Your task:
Beginning with the line that contains "this 1440×960 image.", copy each remaining line of the data below exactly.

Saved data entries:
Segment Open

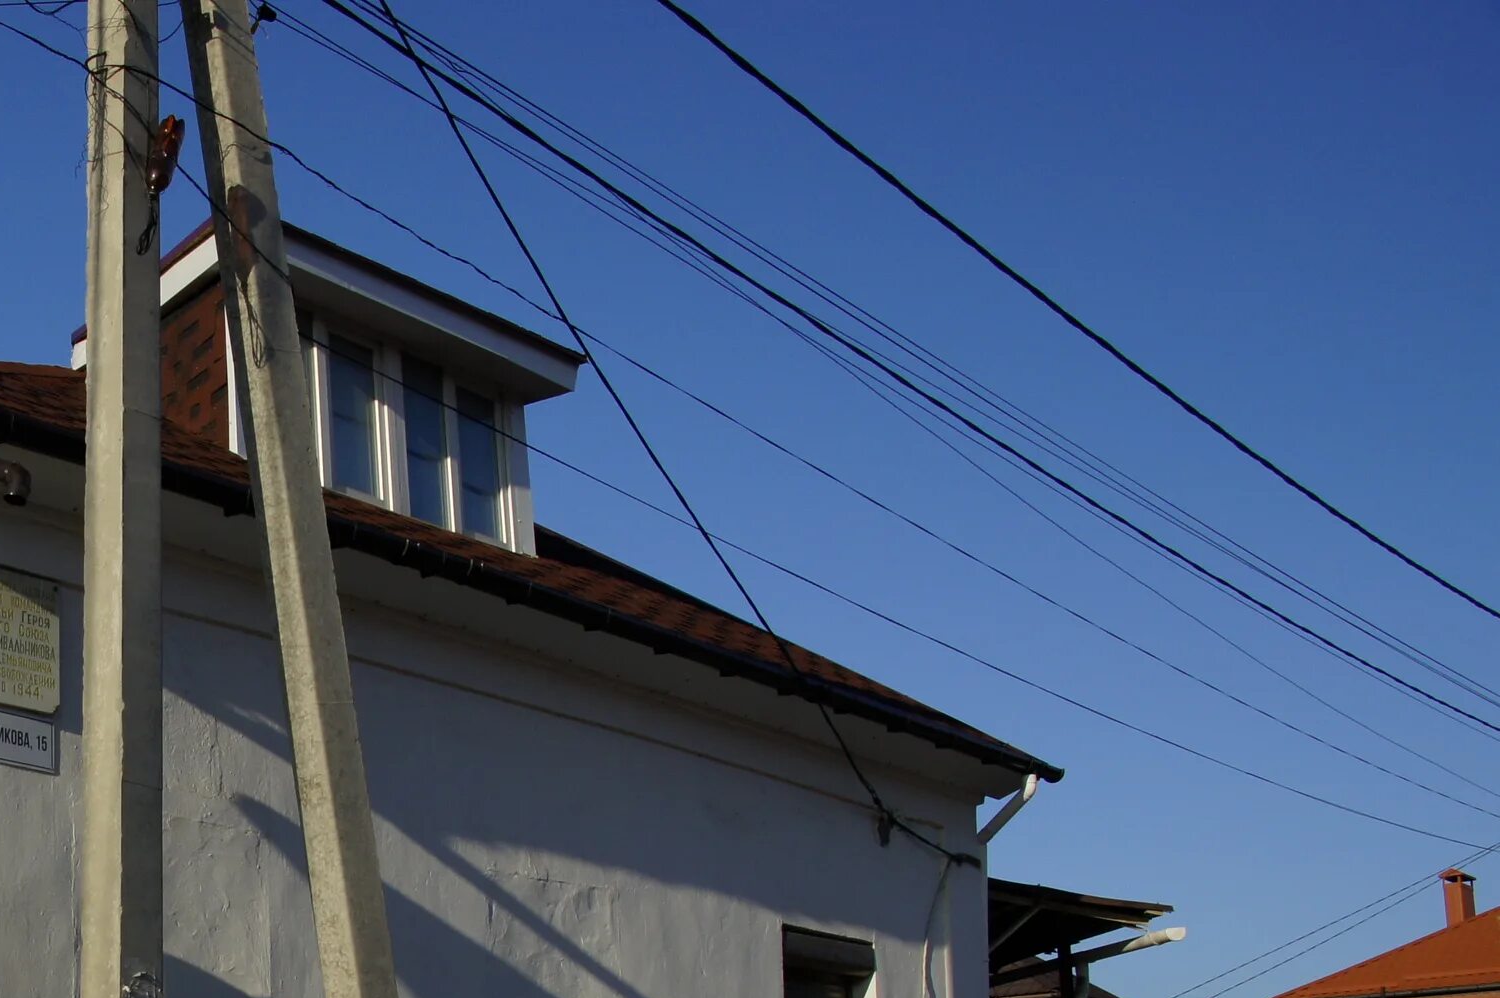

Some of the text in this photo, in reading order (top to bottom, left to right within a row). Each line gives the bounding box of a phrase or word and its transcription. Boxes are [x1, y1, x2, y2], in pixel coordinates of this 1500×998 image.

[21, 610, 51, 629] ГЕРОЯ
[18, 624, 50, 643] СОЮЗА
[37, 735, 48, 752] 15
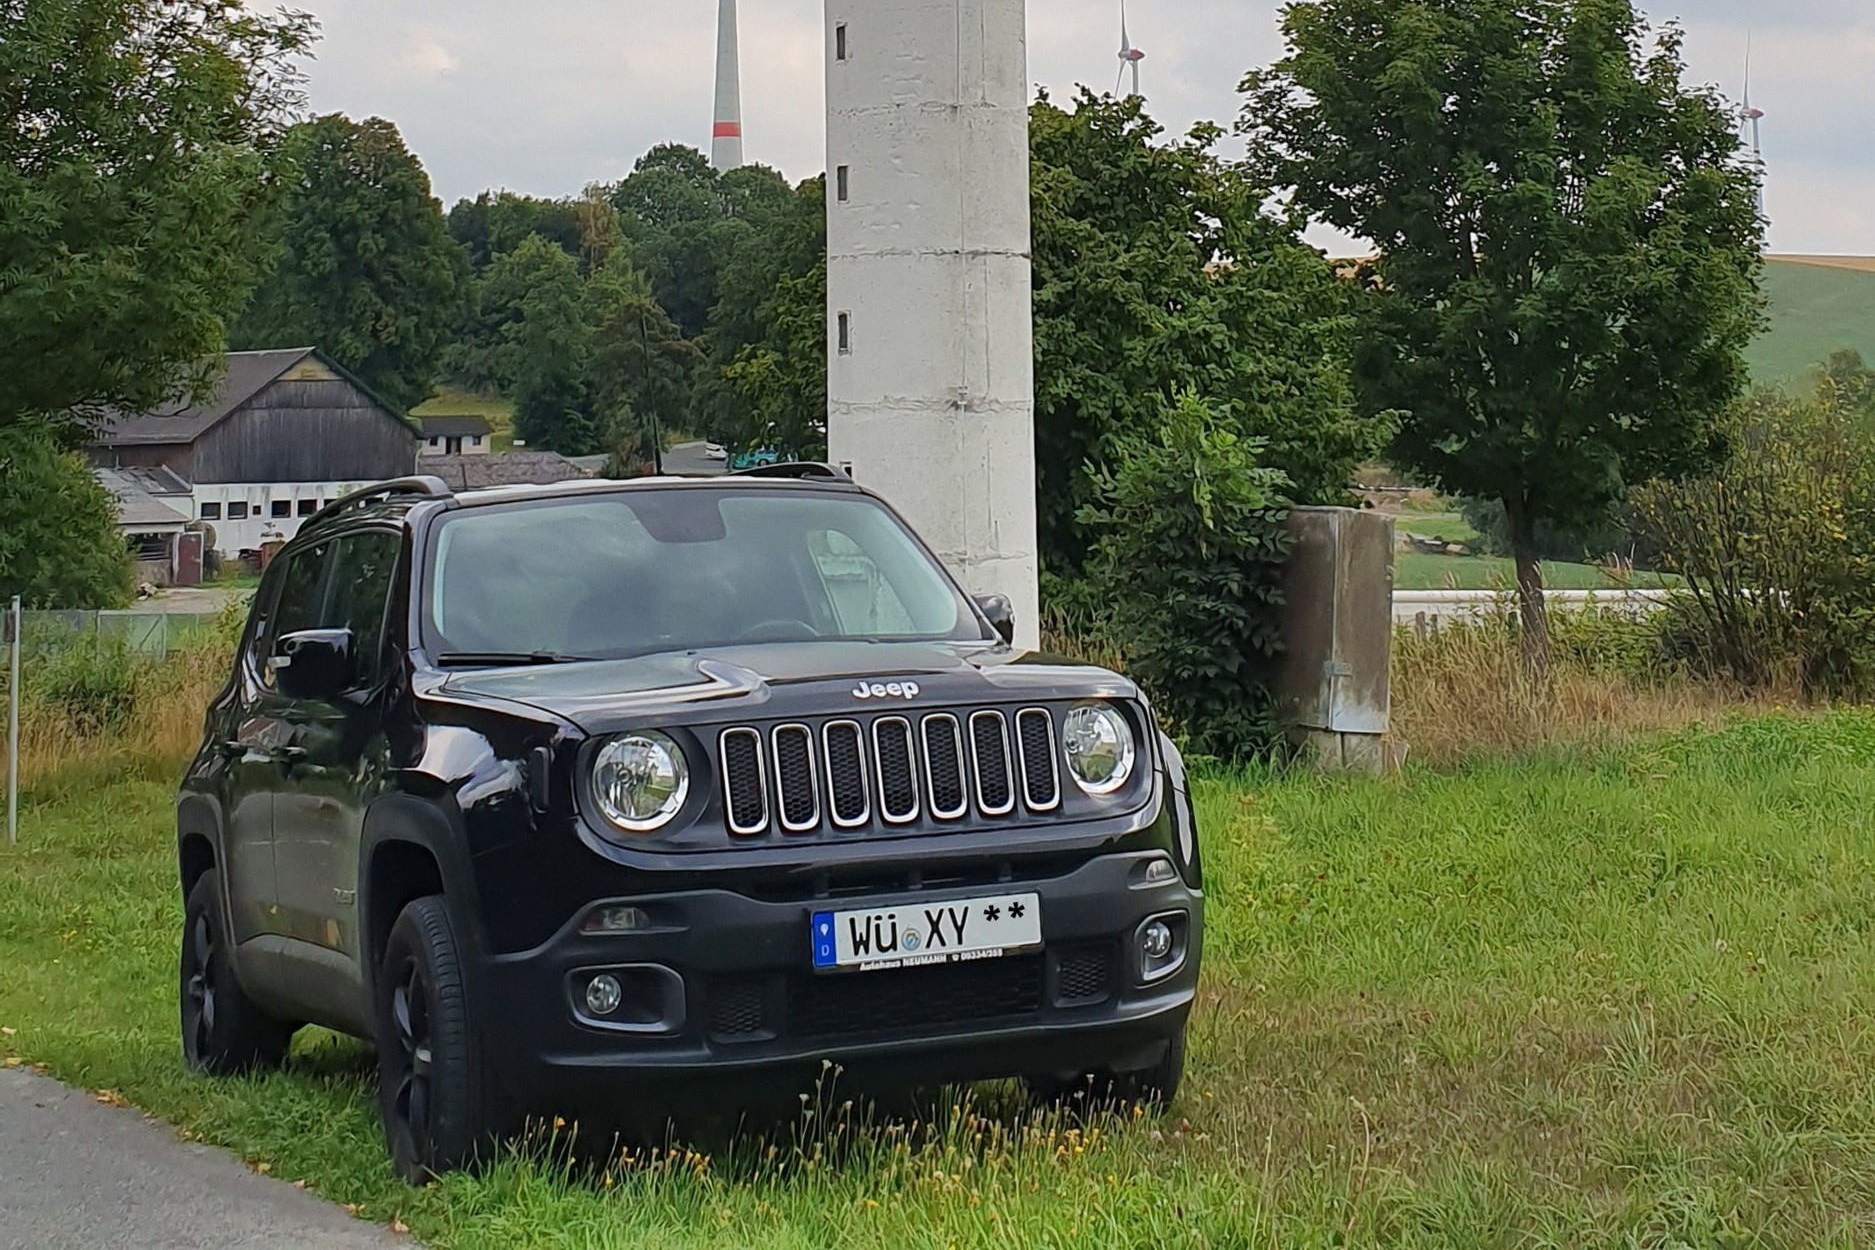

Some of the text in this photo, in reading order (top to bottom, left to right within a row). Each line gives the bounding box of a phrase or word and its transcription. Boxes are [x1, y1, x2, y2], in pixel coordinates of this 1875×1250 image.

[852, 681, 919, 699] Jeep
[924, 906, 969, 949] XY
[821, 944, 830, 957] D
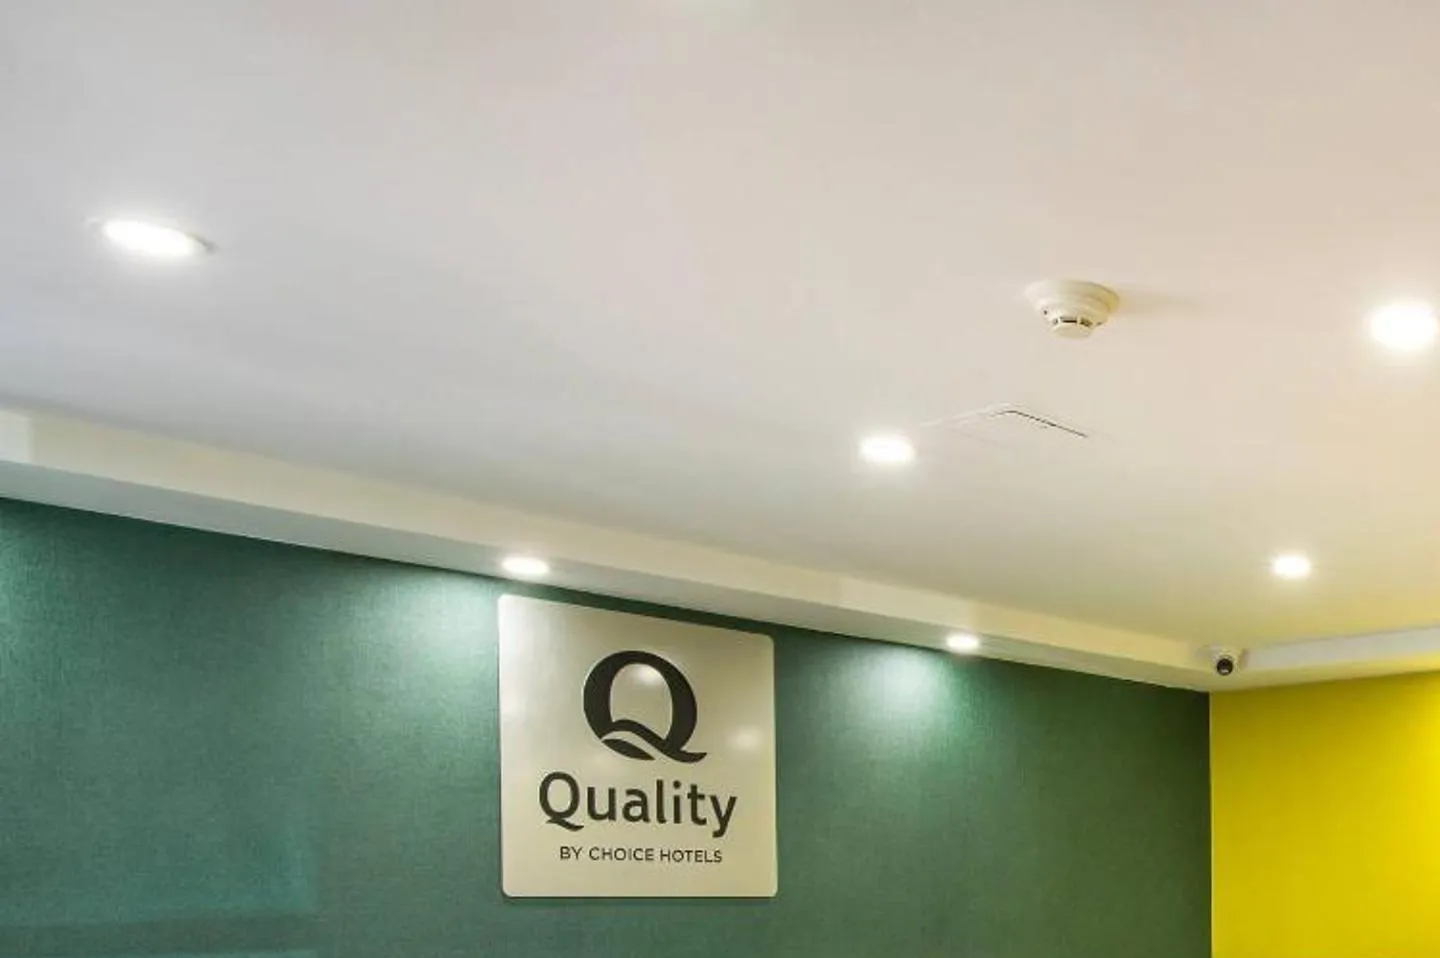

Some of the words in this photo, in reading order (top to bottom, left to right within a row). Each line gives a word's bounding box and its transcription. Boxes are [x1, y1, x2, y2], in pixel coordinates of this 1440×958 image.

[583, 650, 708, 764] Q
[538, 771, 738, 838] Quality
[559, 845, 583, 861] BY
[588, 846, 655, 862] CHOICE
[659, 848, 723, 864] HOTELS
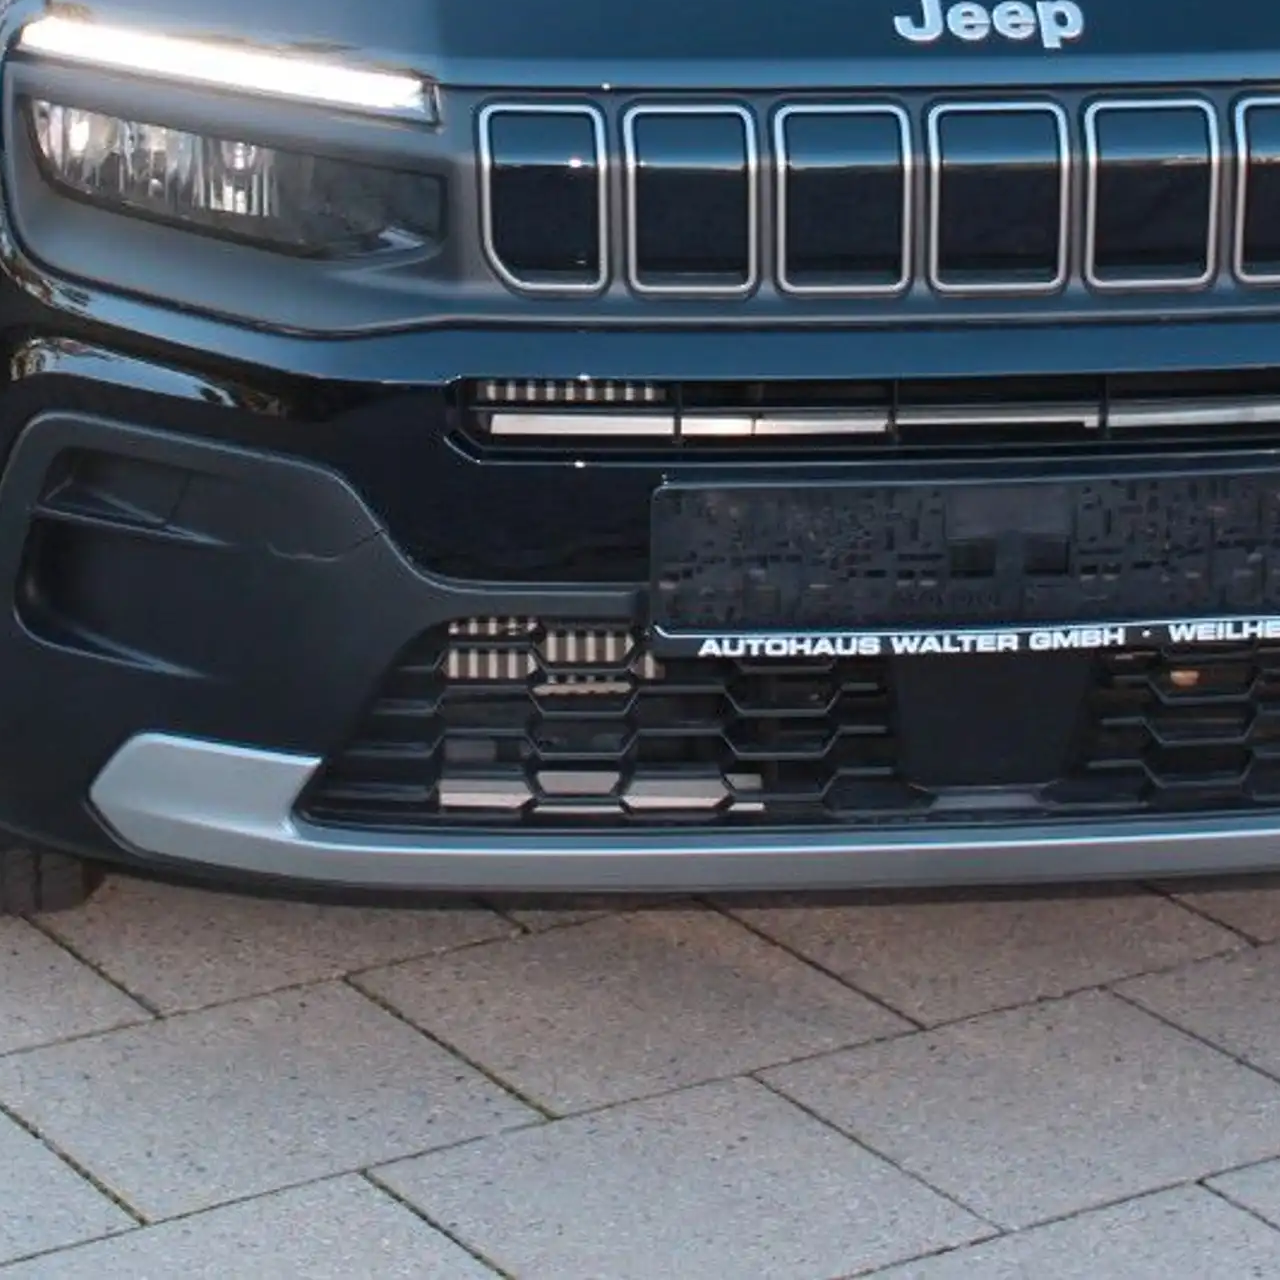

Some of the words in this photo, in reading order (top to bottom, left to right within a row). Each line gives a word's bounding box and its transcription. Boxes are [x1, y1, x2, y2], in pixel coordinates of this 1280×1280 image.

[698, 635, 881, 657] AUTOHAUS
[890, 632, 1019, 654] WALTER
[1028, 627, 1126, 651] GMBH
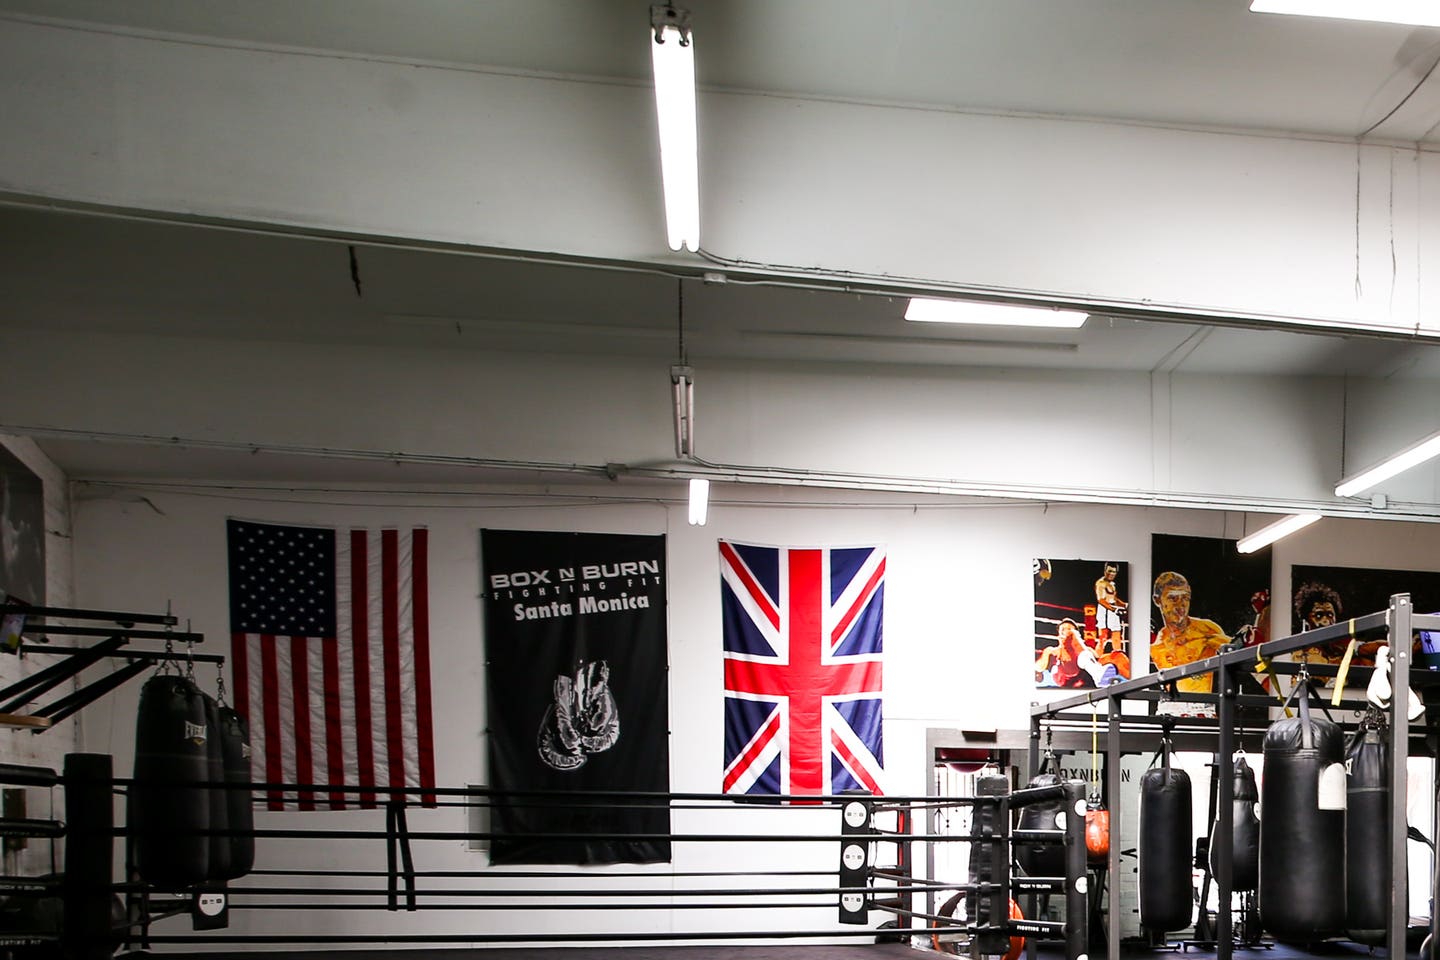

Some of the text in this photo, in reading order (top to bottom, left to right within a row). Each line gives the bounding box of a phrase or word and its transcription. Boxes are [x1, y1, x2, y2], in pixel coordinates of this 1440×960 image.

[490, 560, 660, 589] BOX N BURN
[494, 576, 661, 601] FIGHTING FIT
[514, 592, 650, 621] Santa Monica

Segment Closed

Exercise response:
Some of the text in this photo, in reading order (top to bottom, left to right within a row). Each line gives the bounding box of a phrase or word and its transcription. Boxes are [x1, y1, x2, y2], in pixel coordinates of this 1440×960 image.

[490, 560, 660, 589] BOX N BURN
[494, 576, 661, 601] FIGHTING FIT
[514, 592, 650, 621] Santa Monica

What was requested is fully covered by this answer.